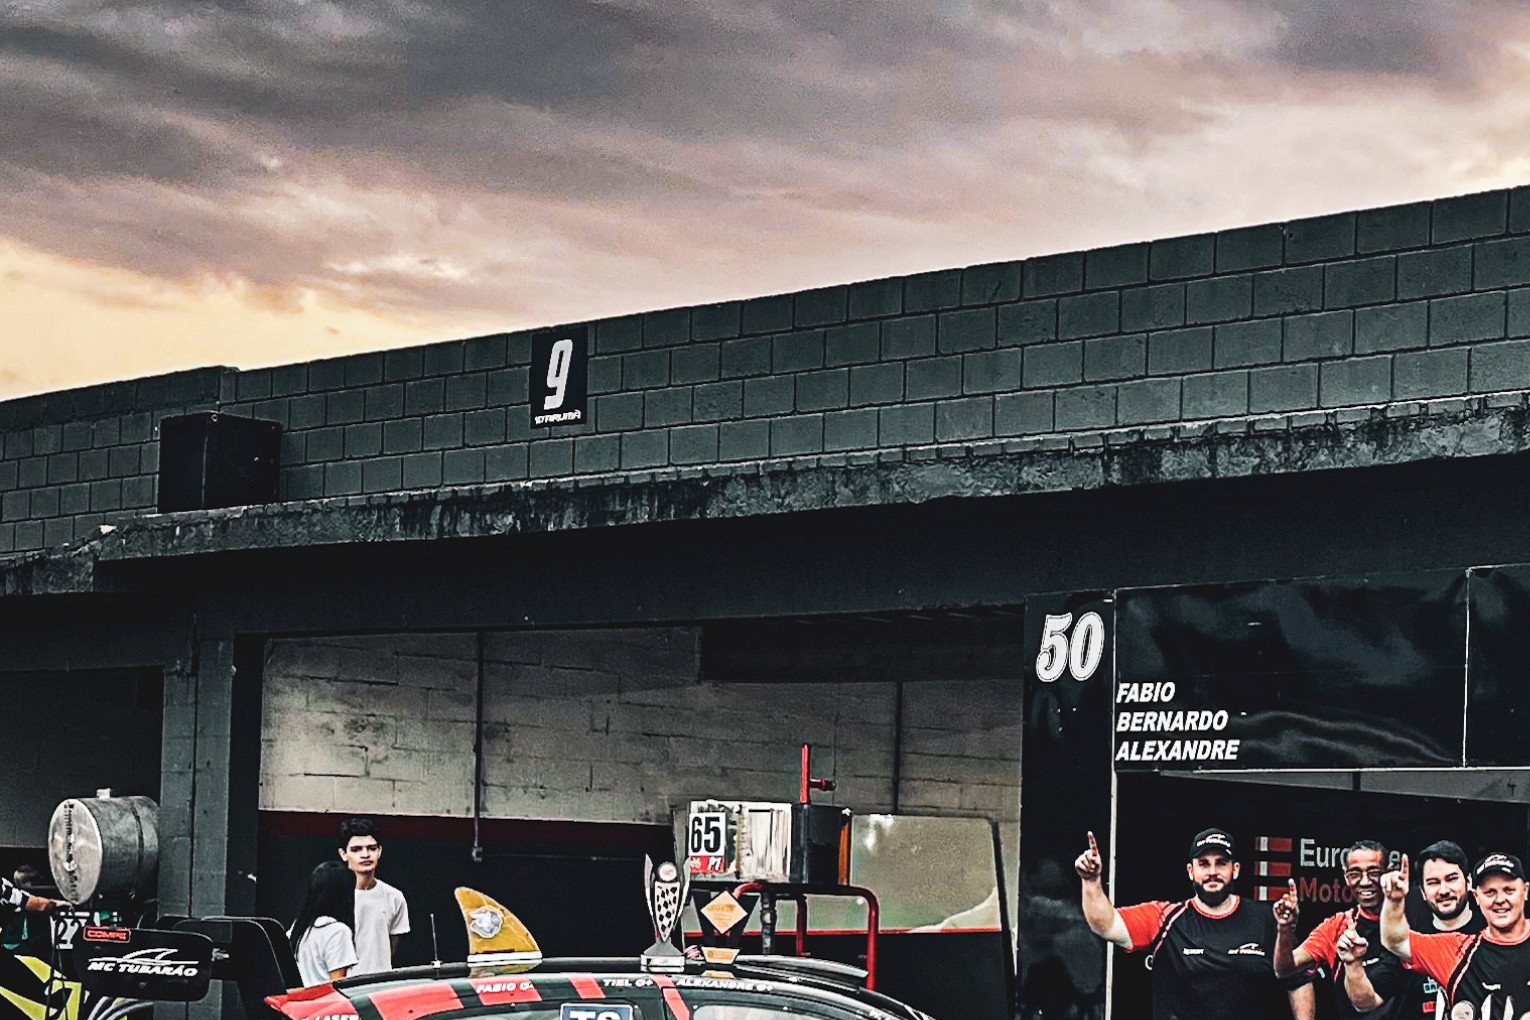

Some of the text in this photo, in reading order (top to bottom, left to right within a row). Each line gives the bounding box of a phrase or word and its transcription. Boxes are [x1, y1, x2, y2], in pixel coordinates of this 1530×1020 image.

[544, 339, 573, 410] 9
[1036, 611, 1104, 682] 50
[1116, 682, 1176, 703] FABIO
[1116, 710, 1229, 732] BERNARDO
[1115, 739, 1240, 761] ALEXANDRE
[691, 816, 721, 853] 65
[87, 961, 198, 977] MC TUBARÃO
[476, 982, 517, 994] FABIO
[604, 978, 631, 988] TIEL
[676, 978, 754, 990] ALEXANDRE

+ + + + + + +

#### Task goal:
Write out all the entries exactly, except for the pictures.

#### Response to the task:
Some of the text in this photo, in reading order (top to bottom, left to right within a row). Each line gives the bounding box of a phrase or word and its transcription. Boxes are [x1, y1, x2, y2], in pixel coordinates of this 1530×1020 image.

[544, 339, 573, 410] 9
[1036, 611, 1104, 682] 50
[1116, 682, 1176, 703] FABIO
[1116, 710, 1229, 732] BERNARDO
[1115, 739, 1240, 761] ALEXANDRE
[691, 816, 721, 853] 65
[87, 961, 198, 977] MC TUBARÃO
[476, 982, 517, 994] FABIO
[604, 978, 631, 988] TIEL
[676, 978, 754, 990] ALEXANDRE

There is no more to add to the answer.